How to complete this task =
When you copy the data, keep every word exactly as it is and leave the pictures out.

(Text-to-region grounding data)
══════════════════════════════
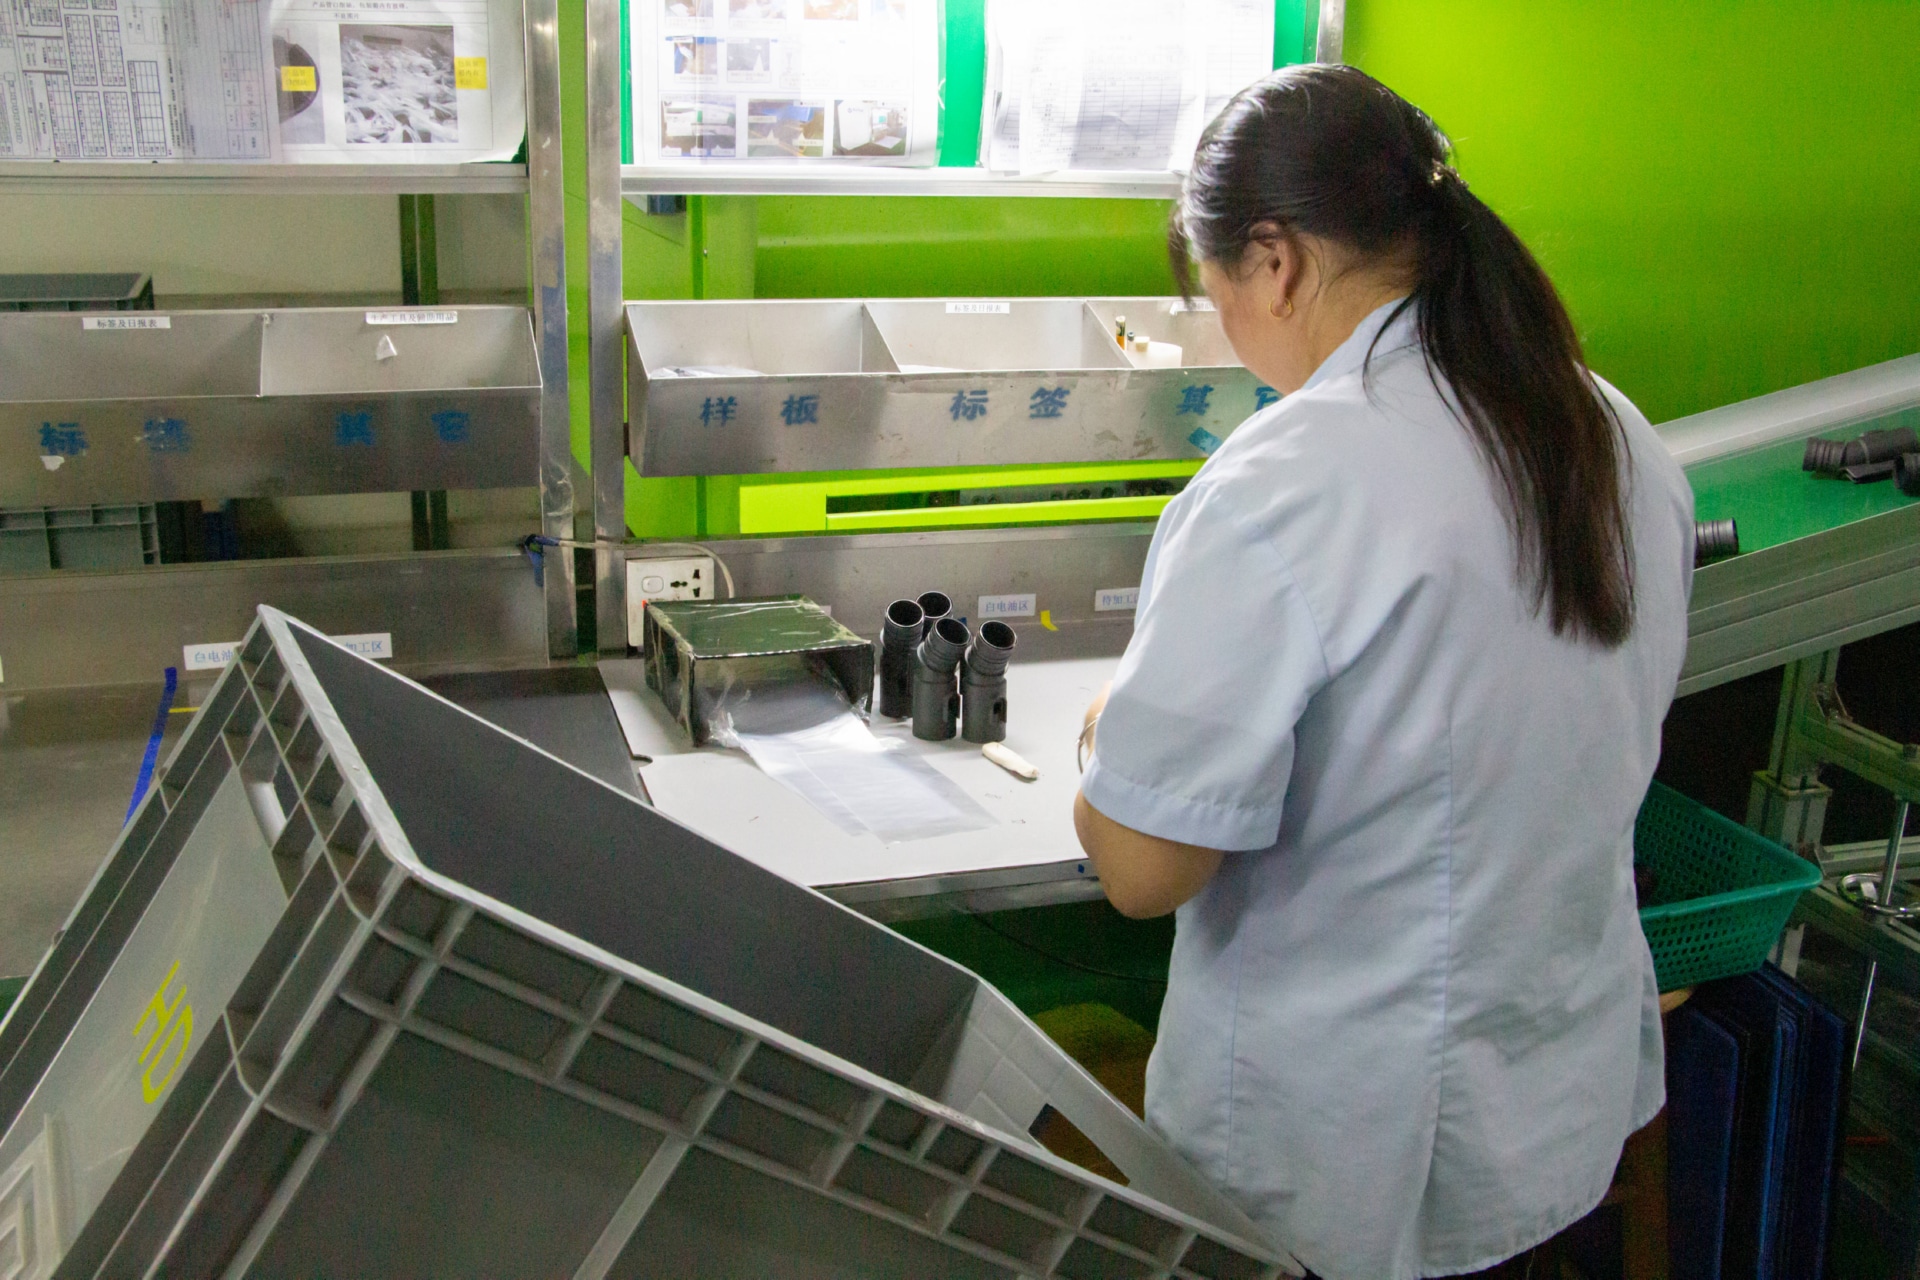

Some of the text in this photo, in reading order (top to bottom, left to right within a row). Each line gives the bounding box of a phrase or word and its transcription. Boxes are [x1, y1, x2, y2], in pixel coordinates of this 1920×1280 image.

[97, 319, 158, 329] 标签及日报表
[700, 395, 820, 427] 样板
[949, 387, 1071, 421] 标签
[985, 599, 1029, 613] 白电油区
══════════════════════════════
Completed exercise =
Some of the text in this photo, in reading order (top to bottom, left to right within a row). Each line gives the bounding box of a phrase or word and its transcription. Boxes are [x1, y1, x2, y2], in pixel coordinates of this 1920×1280 image.

[97, 319, 158, 329] 标签及日报表
[700, 395, 820, 427] 样板
[949, 387, 1071, 421] 标签
[985, 599, 1029, 613] 白电油区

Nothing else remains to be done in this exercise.